How should the Generative Al Engineer architect their system?

A Generative AI Engineer is building a Generative AI system that suggests the best matched employee team member to newly scoped projects. The team member is selected from a very large team. The match should be based upon project date availability and how well their employee profile matches the project scope. Both the employee profile and project scope are unstructured text.

How should the Generative Al Engineer architect their system?
A . Create a tool for finding available team members given project dates. Embed all project scopes into a vector store, perform a retrieval using team member profiles to find the best team member.
B . Create a tool for finding team member availability given project dates, and another tool that uses an LLM to extract keywords from project scopes.
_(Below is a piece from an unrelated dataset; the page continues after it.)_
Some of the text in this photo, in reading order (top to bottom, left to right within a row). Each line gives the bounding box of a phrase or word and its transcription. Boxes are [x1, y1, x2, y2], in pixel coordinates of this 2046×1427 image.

Iterate through available team members’ profiles and perform keyword matching to find the best available team member.
C . Create a tool to find available team members given project dates. Create a second tool that can calculate a similarity score for a combination of team member profile and the project scope. Iterate through the team members and rank by best score to select a team member.
D . Create a tool for finding available team members given project dates. Embed team profiles into a vector store and use the project scope and filtering to perform retrieval to find the available best matched team members.

Answer: D

Explanation:

Problem Context: The problem involves matching team members to new projects based on two main factors:

Availability: Ensure the team members are available during the project dates.

Profile-Project Match: Use the employee profiles (unstructured text) to find the best match for a project’s scope (also unstructured text).
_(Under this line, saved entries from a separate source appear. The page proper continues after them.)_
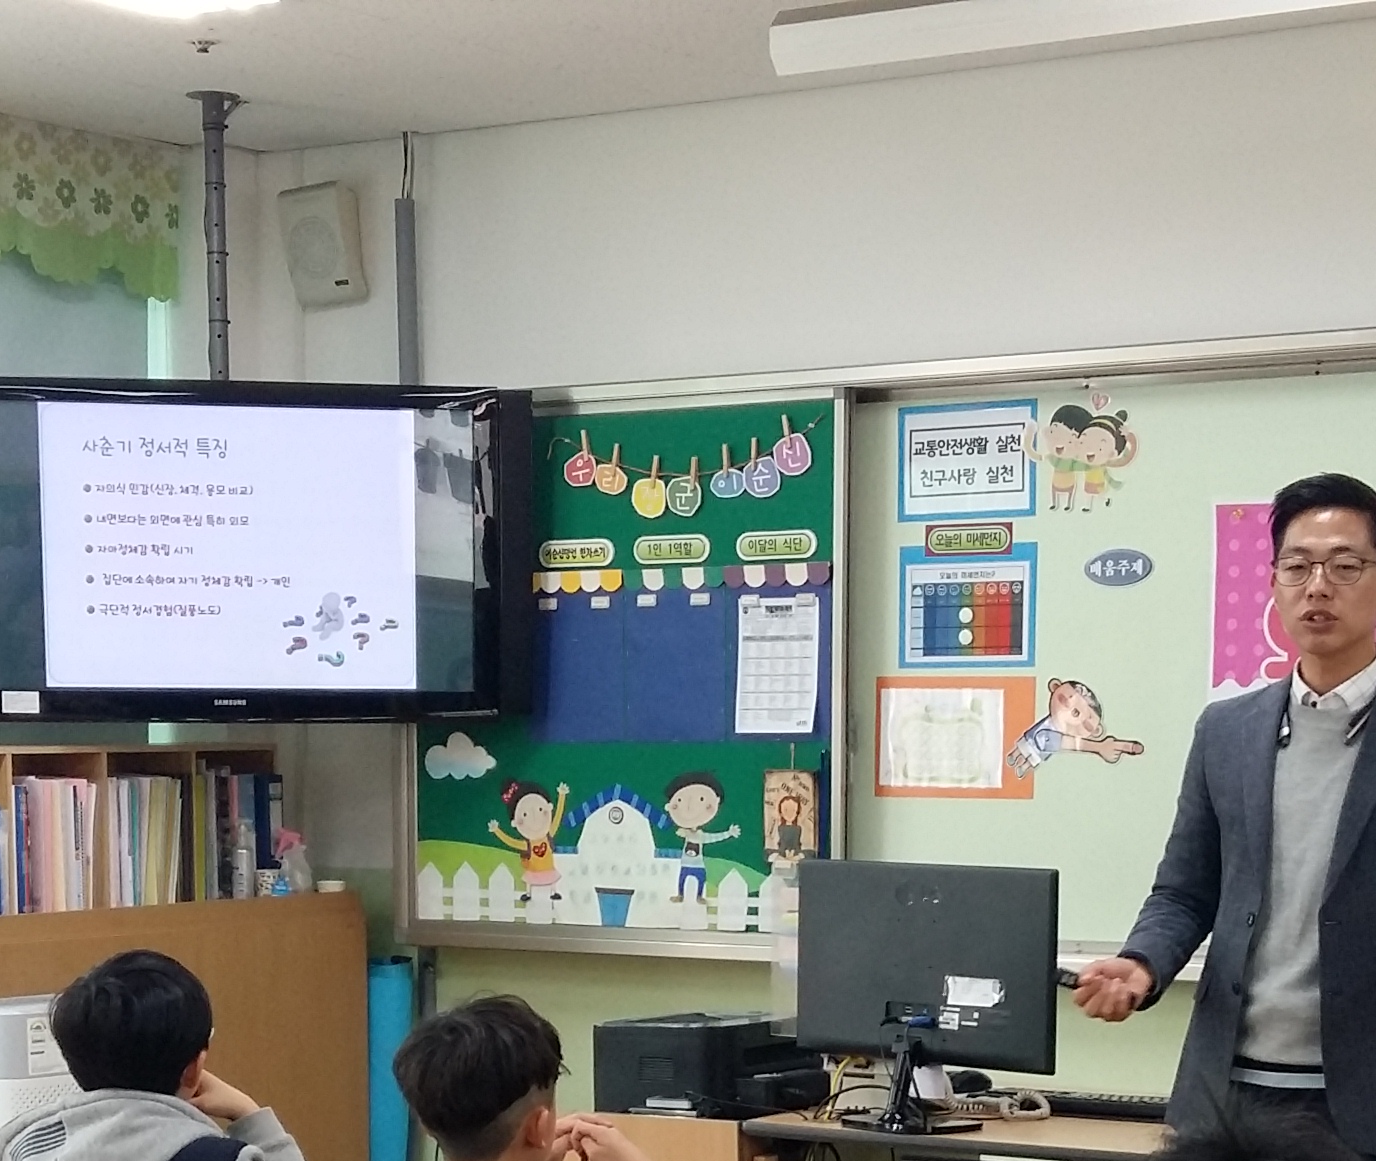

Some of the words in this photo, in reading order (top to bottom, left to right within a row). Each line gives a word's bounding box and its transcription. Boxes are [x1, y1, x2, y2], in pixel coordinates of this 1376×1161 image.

[82, 435, 132, 457] 사춘기
[138, 436, 188, 458] 정서적
[196, 437, 228, 459] 특징
[913, 436, 989, 458] 교통안전생활
[996, 433, 1022, 453] 실천
[920, 466, 977, 488] 친구사랑
[985, 464, 1014, 484] 실천
[96, 513, 147, 526] 내면보다는
[150, 514, 181, 526] 외면에
[182, 514, 203, 527] 관심
[747, 538, 777, 553] 이달의
[782, 537, 803, 552] 식단
[934, 532, 962, 548] 오늘의
[966, 531, 1002, 547] 미세먼지
[174, 545, 194, 556] 시기
[647, 543, 662, 557] 1인
[668, 541, 693, 556] 1역할
[1089, 558, 1143, 577] 배움주제
[102, 573, 133, 586] 집단에
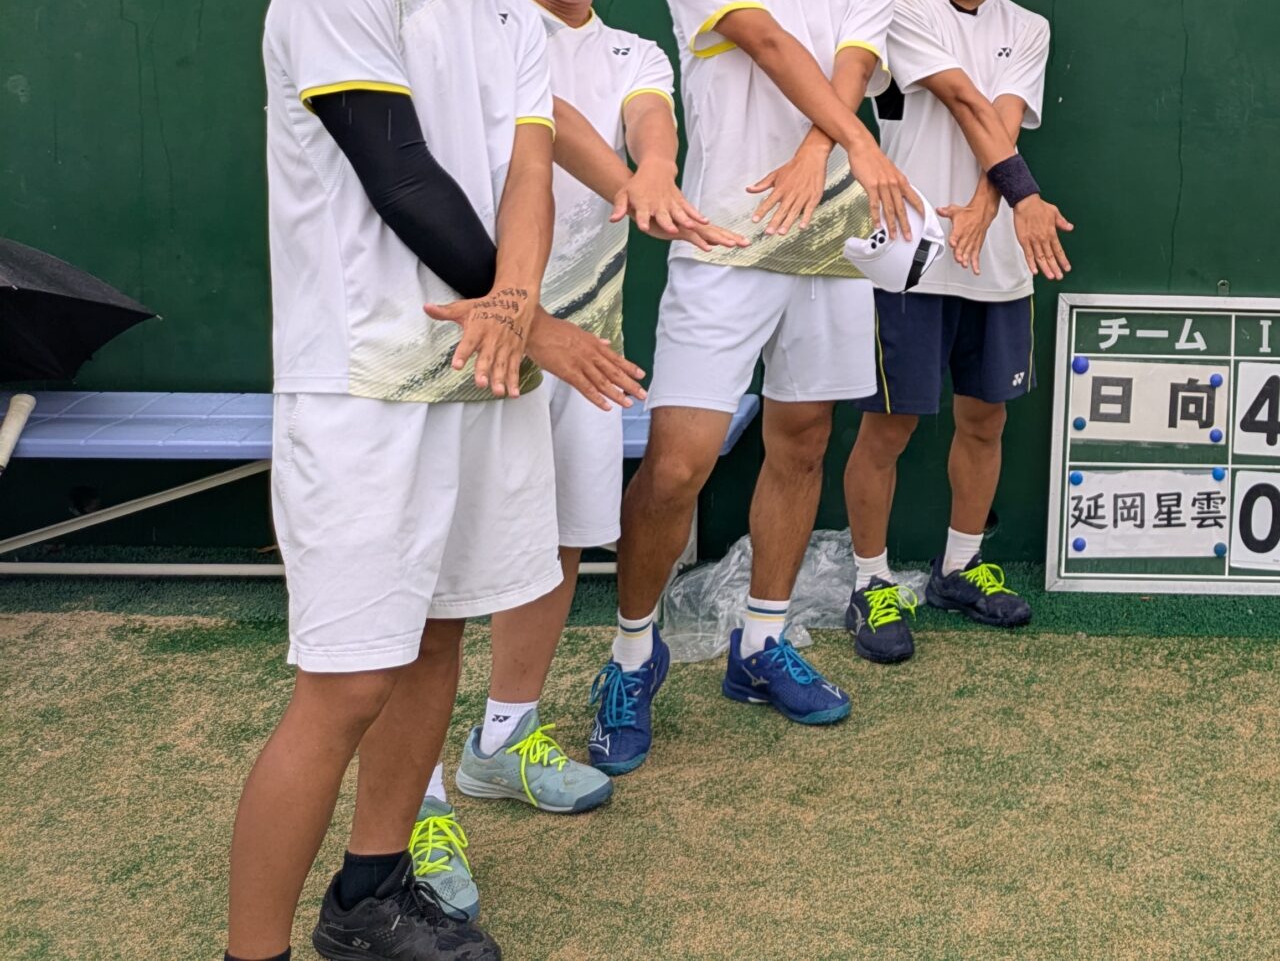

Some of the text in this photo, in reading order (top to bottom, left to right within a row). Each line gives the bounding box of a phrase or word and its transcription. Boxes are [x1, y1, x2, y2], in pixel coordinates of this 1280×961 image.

[1098, 317, 1208, 352] チーム
[1089, 377, 1217, 429] 日向
[1070, 491, 1228, 531] 延岡星雲
The two main inputs are the employee profiles and project scopes, both of which are unstructured. This means traditional rule-based systems (e.g., simple keyword matching) would be inefficient, especially when working with large datasets.
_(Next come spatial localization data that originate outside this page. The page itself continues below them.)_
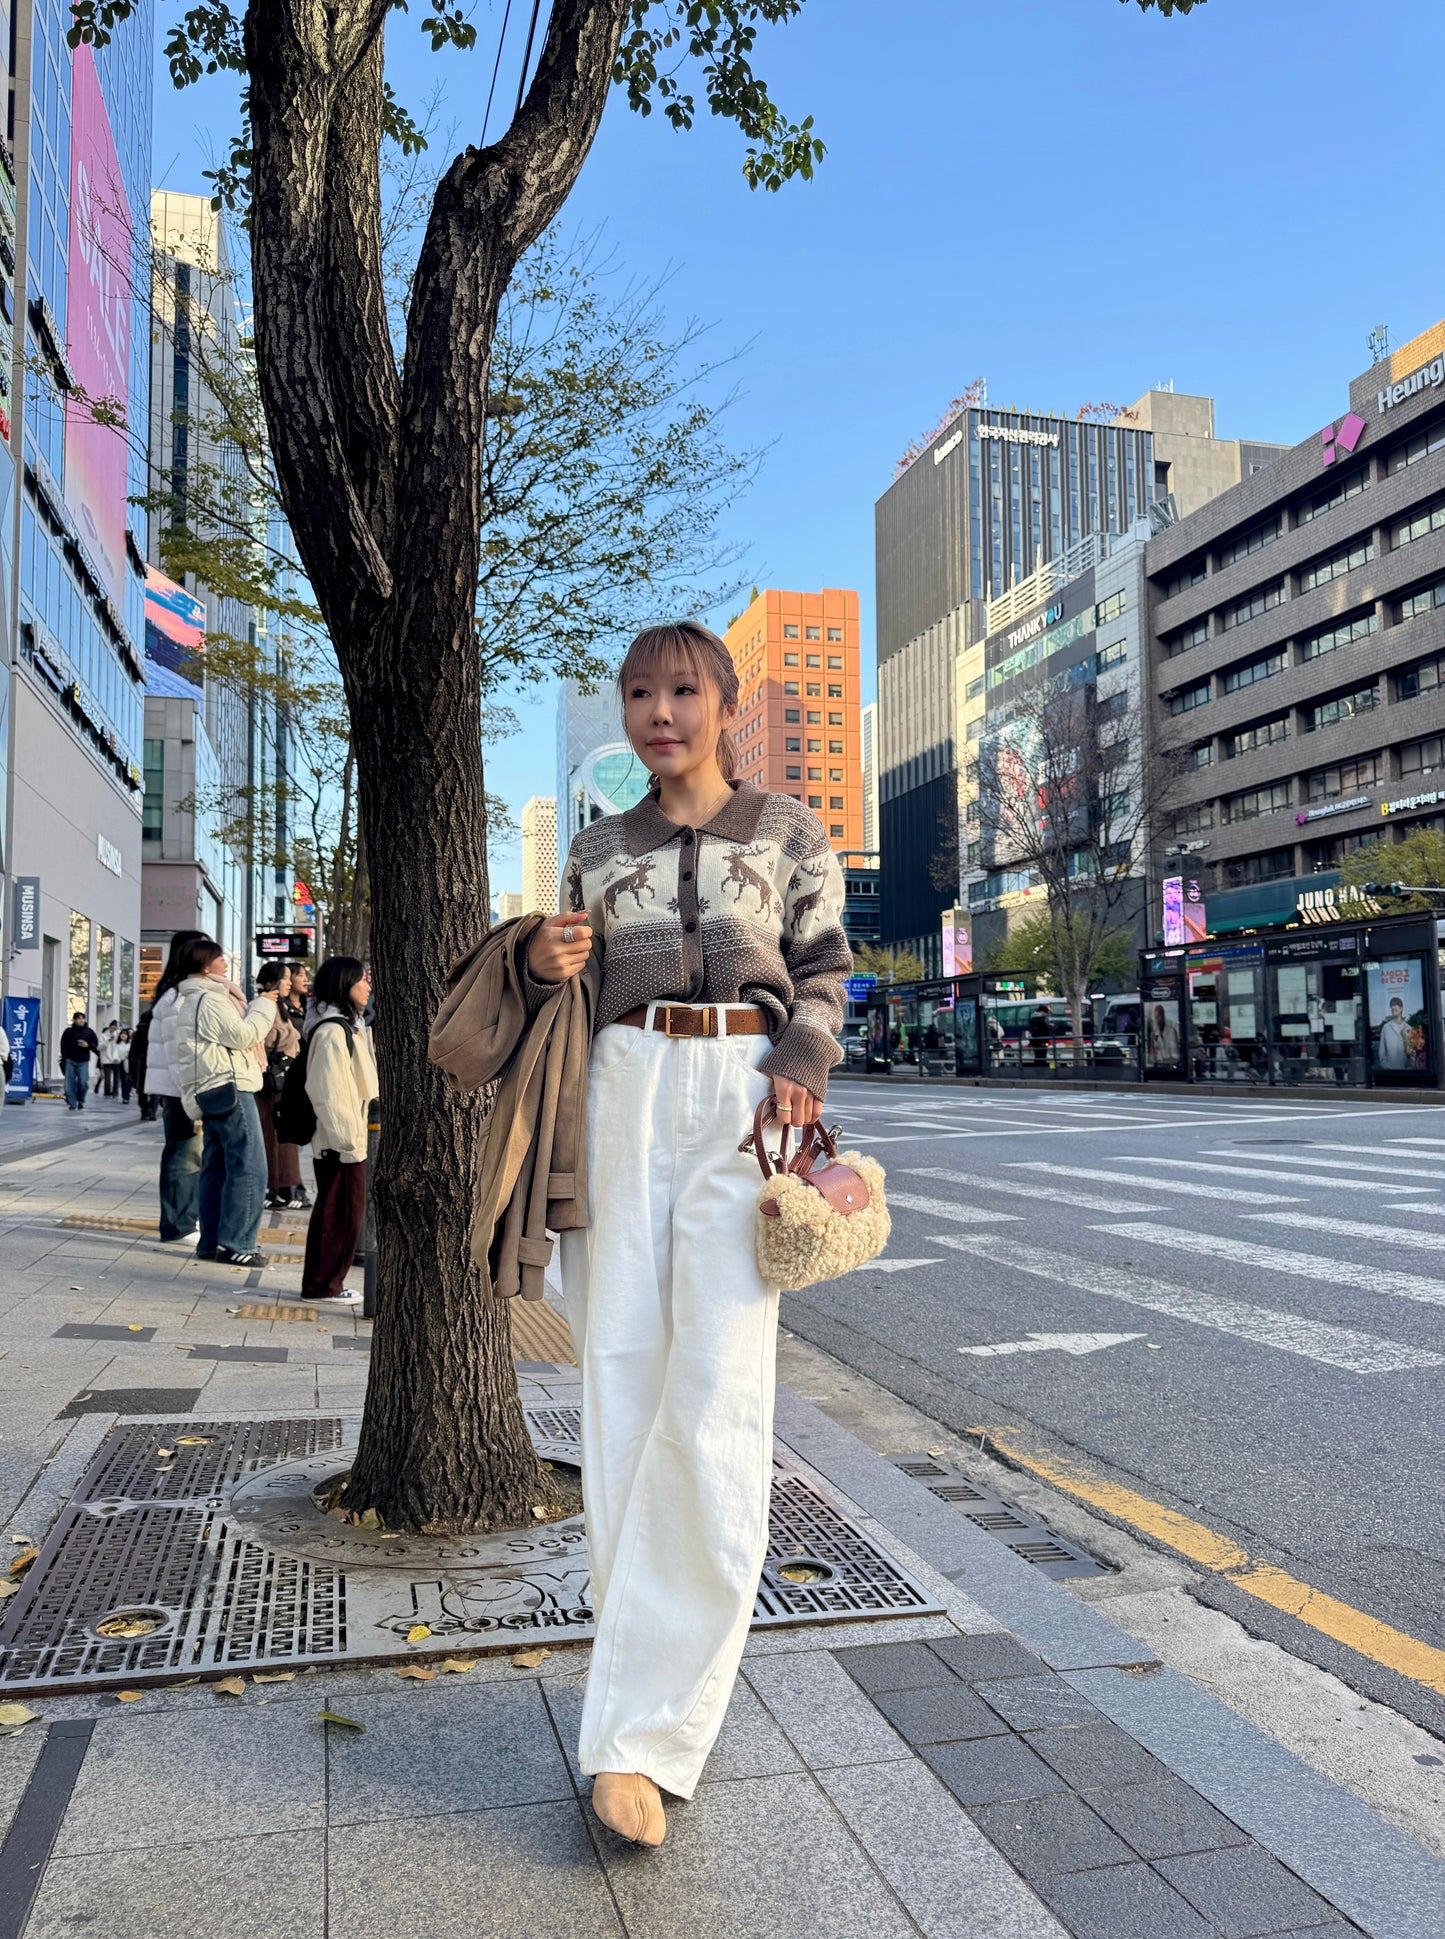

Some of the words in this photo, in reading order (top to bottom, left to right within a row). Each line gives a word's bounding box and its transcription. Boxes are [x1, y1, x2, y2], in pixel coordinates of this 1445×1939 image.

[1378, 350, 1445, 413] Heung
[21, 885, 34, 940] MUSINSA
[1296, 887, 1335, 911] JUNO
[10, 1004, 29, 1066] 을지포차
[437, 1546, 480, 1559] to
Explanation of Options: Let’s break down the provided options to understand why D is the most optimal answer.

Option A suggests embedding project scopes into a vector store and then performing retrieval using team member profiles. While embedding project scopes into a vector store is a valid technique, it skips an important detail: the focus should primarily be on embedding employee profiles because we’re matching the profiles to a new project, not the other way around.

Option B involves using a large language model (LLM) to extract keywords from the project scope and perform keyword matching on employee profiles. While LLMs can help with keyword extraction, this approach is too simplistic and doesn’t leverage advanced retrieval techniques like vector embeddings, which can handle the nuanced and rich semantics of unstructured data. This approach may miss out on subtle but important similarities.

Option C suggests calculating a similarity score between each team member’s profile and project scope. While this is a good idea, it doesn’t specify how to handle the unstructured nature of data efficiently. Iterating through each member’s profile individually could be computationally expensive in large teams. It also lacks the mention of using a vector store or an efficient retrieval mechanism.

Option D is the correct approach. Here’s why:

Embedding team profiles into a vector store: Using a vector store allows for efficient similarity searches on unstructured data. Embedding the team member profiles into vectors captures their semantics in a way that is far more flexible than keyword-based matching.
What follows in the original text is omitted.